Anyway, it was good to see and chat with Markus Mohrhard (moggi), a very active Calc hacker who’s been instrumental in Calc’s filter test development in recent days. We discussed on various topics on Calc development since we work together in that code.

Also, Laurent Godard, whom I’ve known many years from the OOo days, but never met face-to-face.

And Valek Filippov, who happens to be in the same timezone as I. There aren’t many of us left in this LibreOffice circle, unfortunately. I tried to persuade him into this wonderful world of hacking, but so far he’s successfully fended off my attack.

It was also nice to chat with Michael Meeks at length, to clarify the new Calc cell storage structure that he and I discussed previously. Now the concept is very much clear, waiting to be coded.

Of course, many other countless hackers I’ve had beer with during the conference week, it was a real pleasure.

Now, I got some homework to do based on my interaction with various people during the conference. I will list them up item by item to use as a reminder.

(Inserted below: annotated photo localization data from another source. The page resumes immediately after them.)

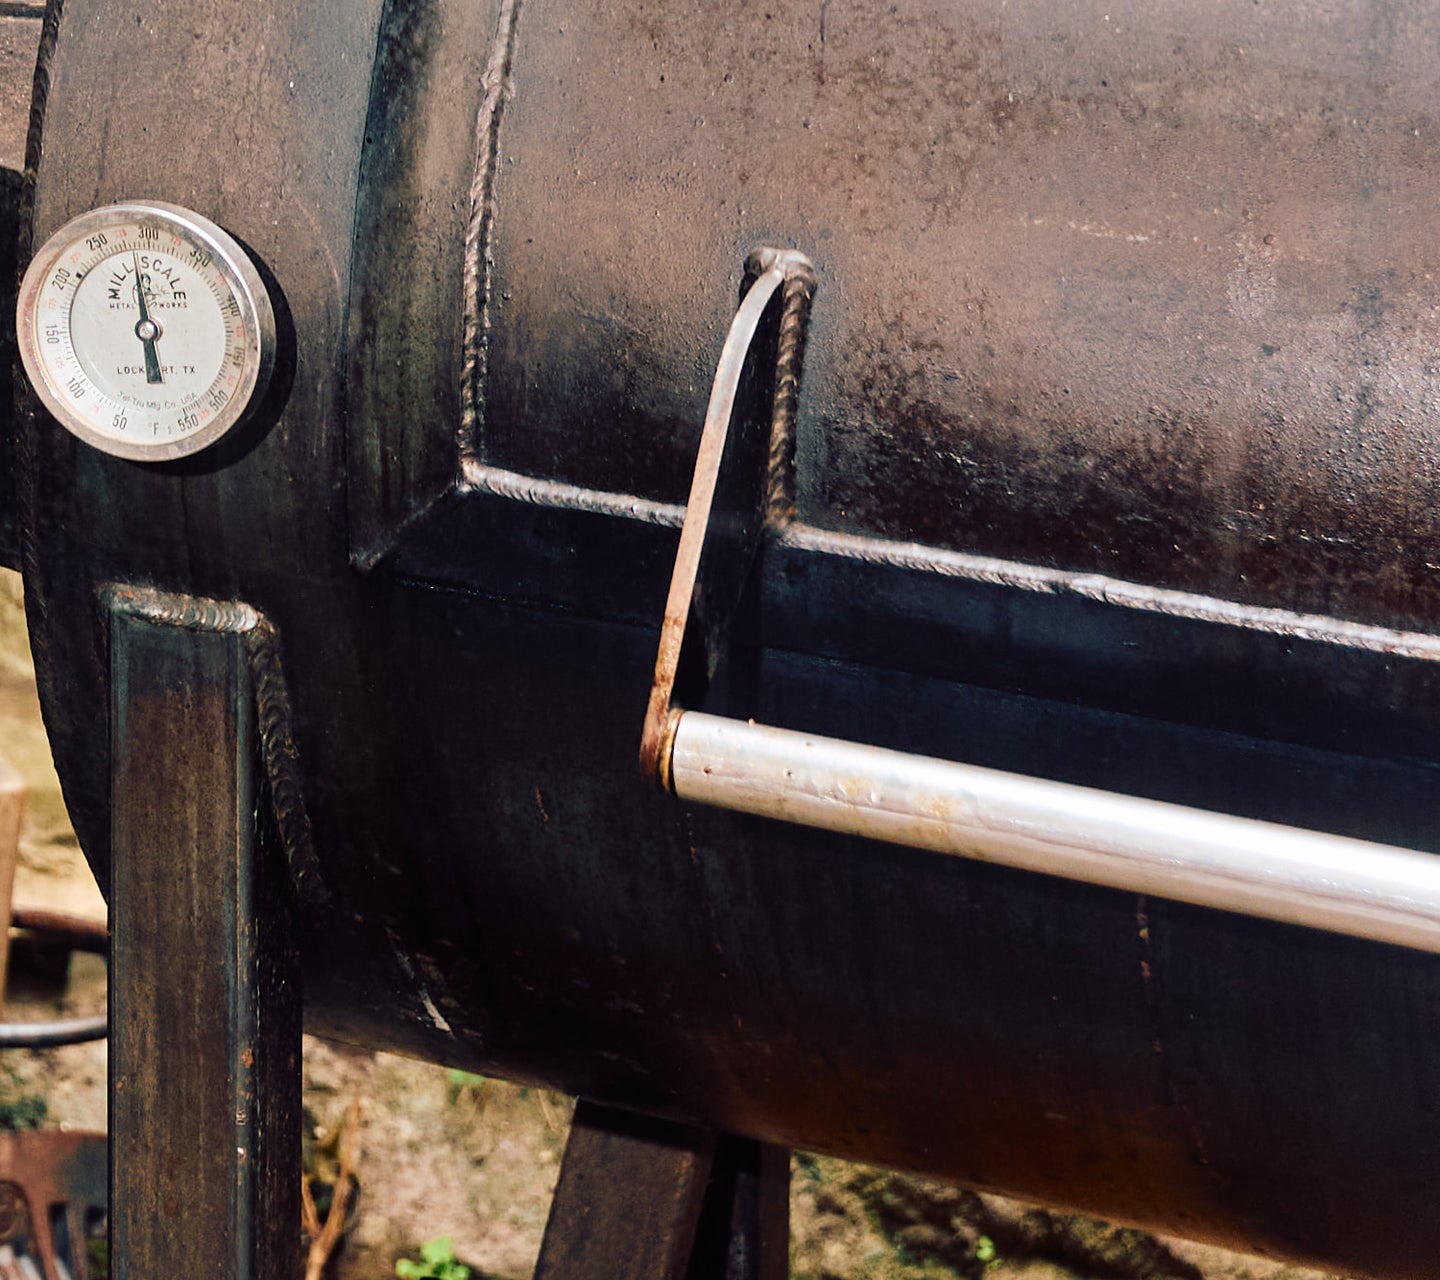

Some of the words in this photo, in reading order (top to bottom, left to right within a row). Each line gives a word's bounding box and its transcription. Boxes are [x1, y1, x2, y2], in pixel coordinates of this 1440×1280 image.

[86, 233, 108, 251] 250
[138, 226, 159, 240] 300
[52, 268, 71, 291] 200
[108, 261, 134, 300] MILL
[141, 256, 187, 300] SCALE
[46, 324, 60, 344] 150
[183, 365, 196, 374] TX
[66, 377, 85, 399] 100
[209, 389, 229, 411] 500
[112, 414, 128, 430] 50
[177, 414, 199, 432] 550
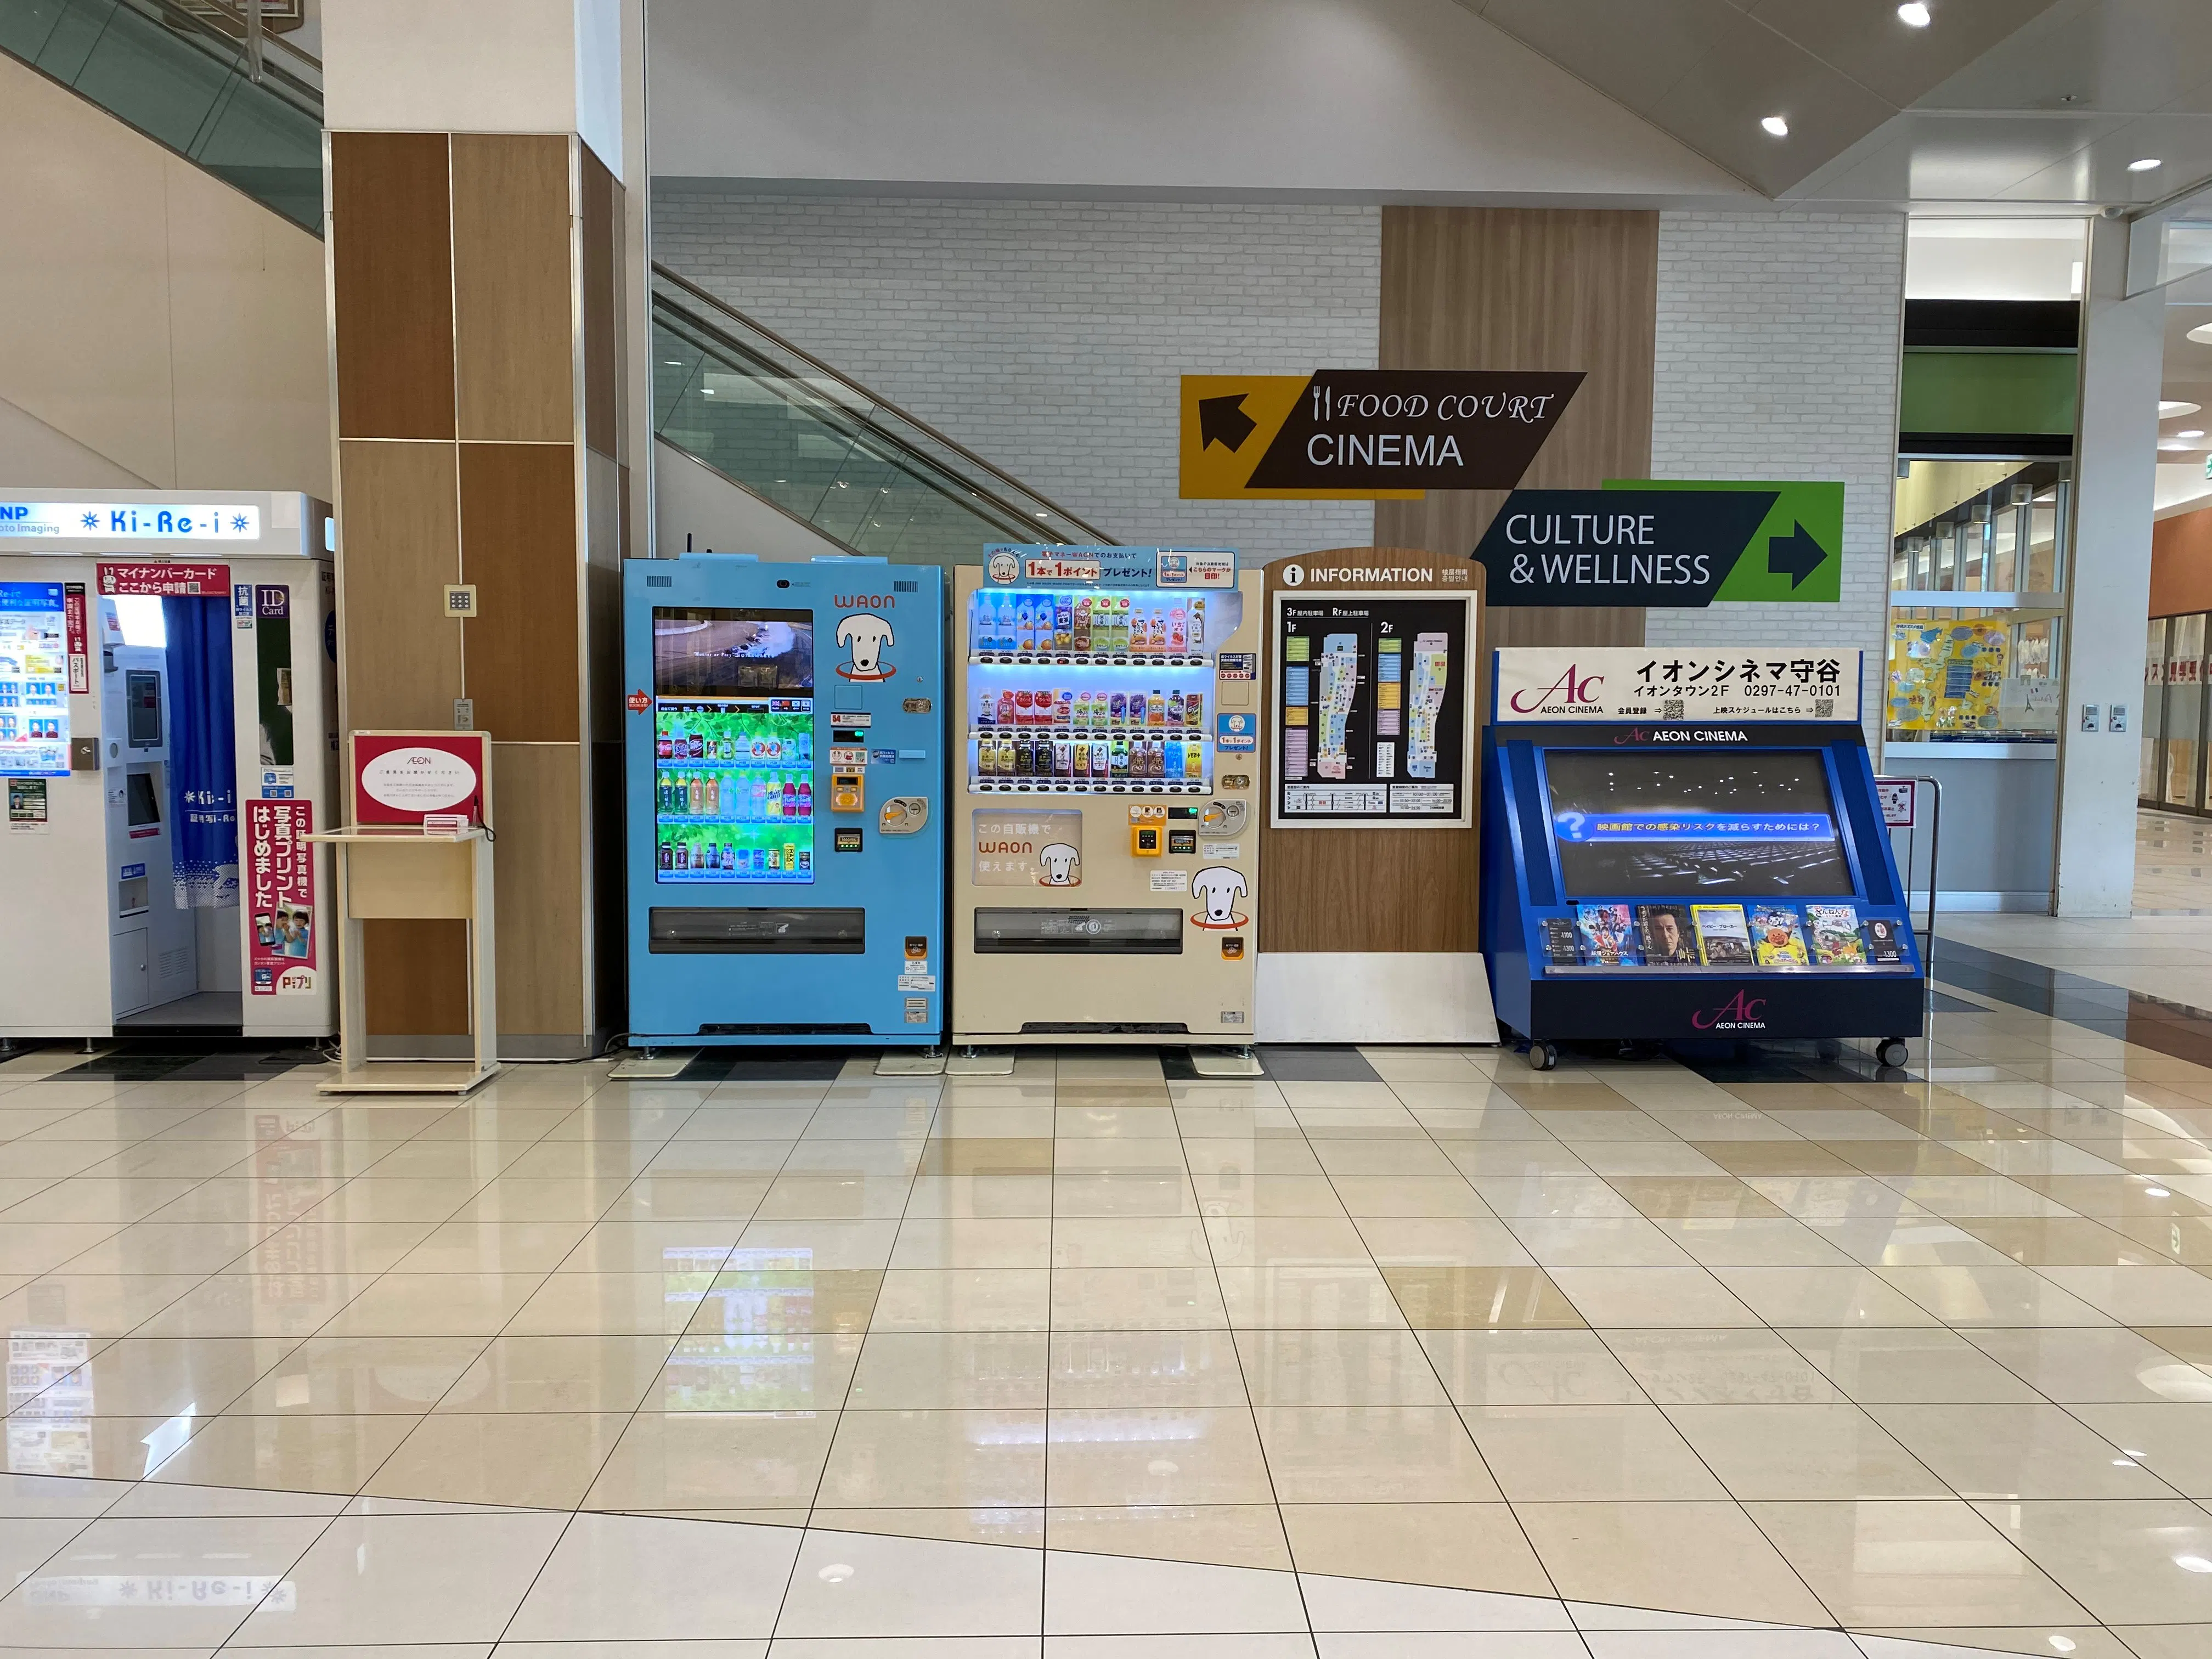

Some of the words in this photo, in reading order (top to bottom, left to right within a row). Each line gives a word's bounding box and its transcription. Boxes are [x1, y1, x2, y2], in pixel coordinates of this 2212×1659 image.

[1337, 392, 1429, 420] FOOD
[1437, 392, 1555, 424] COURT
[1306, 432, 1464, 468] CINEMA
[110, 510, 219, 533] Ki-Re-i
[18, 523, 60, 534] Imaging
[1505, 513, 1656, 547] CULTURE
[117, 567, 217, 580] マイナンバーカード
[1103, 568, 1152, 578] プレゼント!
[1310, 567, 1434, 583] INFORMATION
[1510, 553, 1536, 585] &
[1541, 552, 1712, 586] WELLNESS
[119, 581, 187, 594] ここから申請
[238, 585, 249, 606] 抗菌
[261, 589, 285, 607] ID
[833, 595, 896, 609] WAON
[261, 606, 284, 616] Card
[1286, 607, 1296, 617] 3F
[1332, 607, 1342, 617] RF
[1286, 621, 1297, 633] 1F
[1380, 621, 1394, 634] 2F
[72, 657, 80, 685] パスポート
[1636, 658, 1841, 684] イオンシネマ守谷
[1633, 685, 1730, 697] イオンタウン2F
[1743, 684, 1841, 697] 0297-47-0101
[1539, 706, 1566, 714] AEON
[1567, 706, 1604, 714] CINEMA
[1617, 707, 1647, 715] 会員登録
[1712, 706, 1801, 714] 上映スケジュールはこちら
[1652, 730, 1690, 742] AEON
[1693, 730, 1748, 742] CINEMA
[978, 823, 1051, 835] この自販機で
[978, 841, 1032, 854] WAON
[253, 805, 273, 909] はじめました
[273, 805, 294, 909] 写真プリント
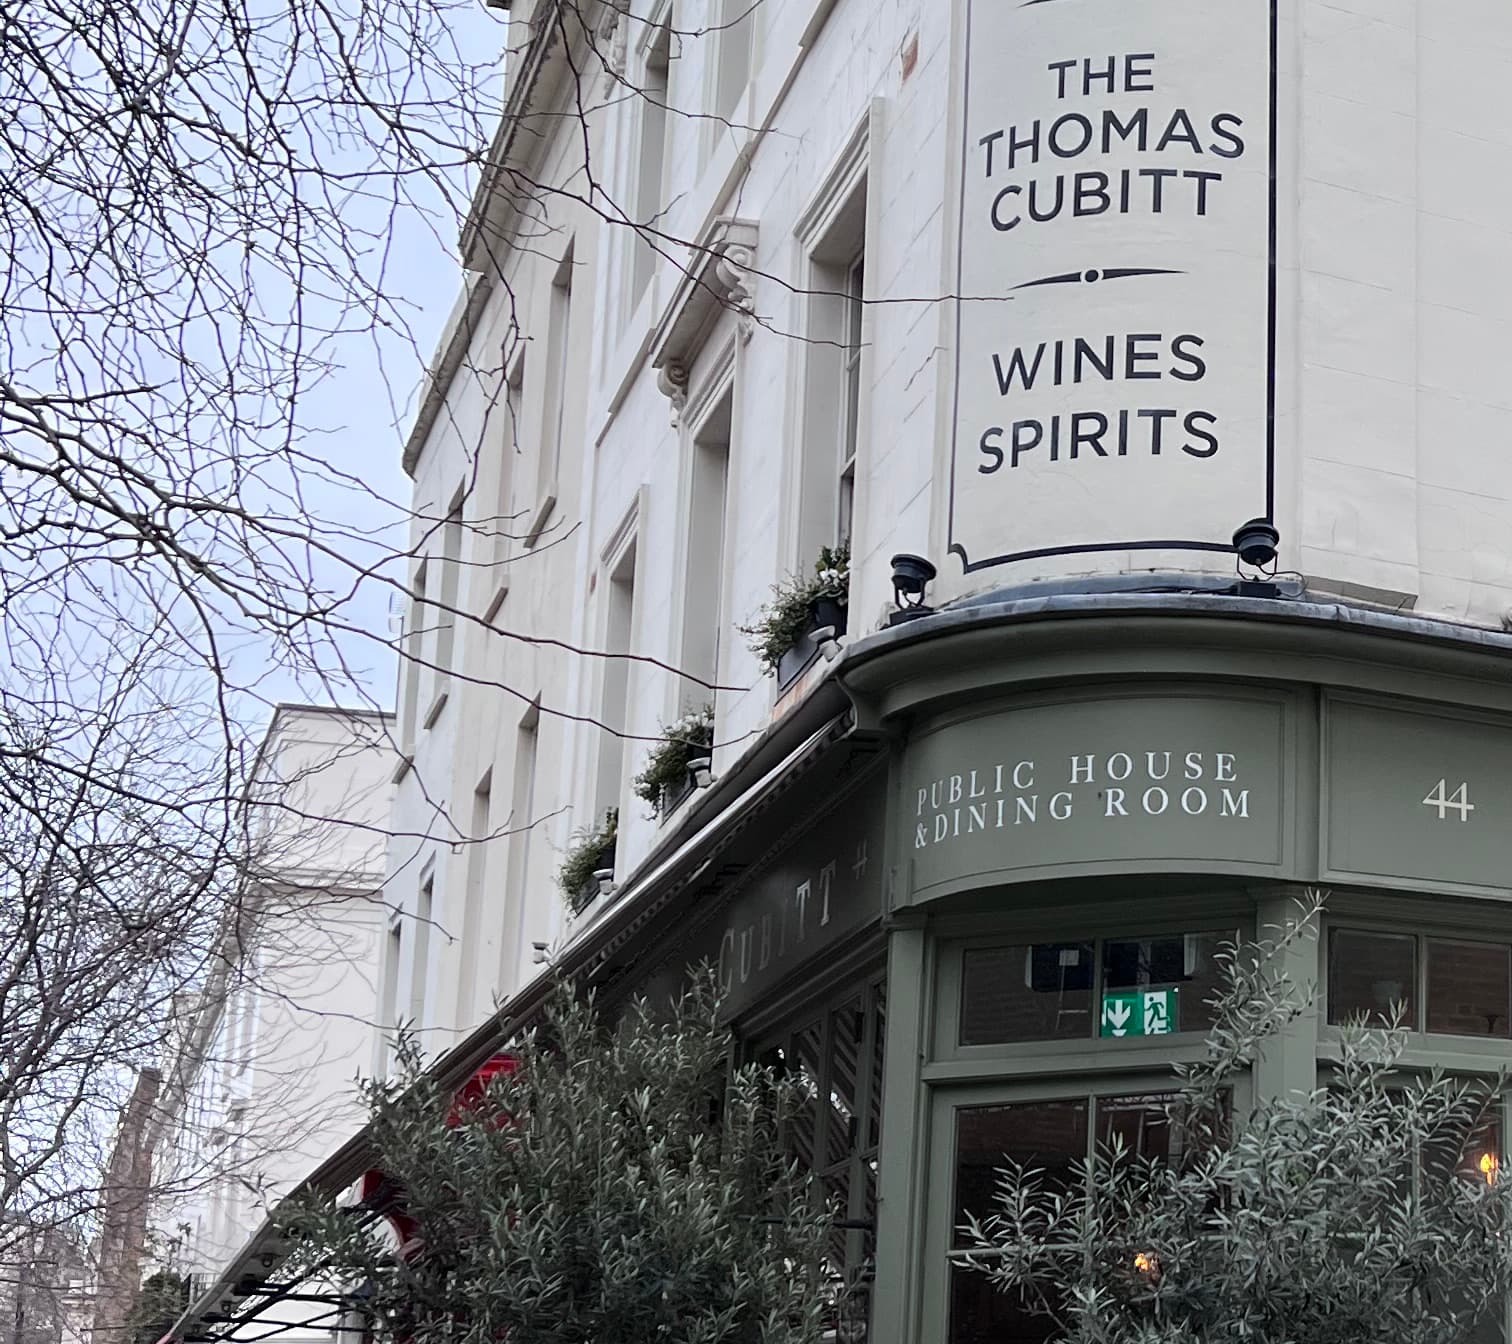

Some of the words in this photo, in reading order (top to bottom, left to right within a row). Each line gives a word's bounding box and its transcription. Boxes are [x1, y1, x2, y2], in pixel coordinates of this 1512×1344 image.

  • Two Calc bugs from Valek. Both are related to this 1C program that pretty much everyone in Russia uses. I’ve already added them to my 3.5 TODO list, so it’s just a matter of finding time to tackle them unless something tricky comes out.
  • Some documentation on how to use the ixion library. Since there were some interests on using ixion to support formula calculations in other applications, I should probably start working on producing documentation on ixion, both on how to build it, and how to use it. I should also create a package for it while I’m at it.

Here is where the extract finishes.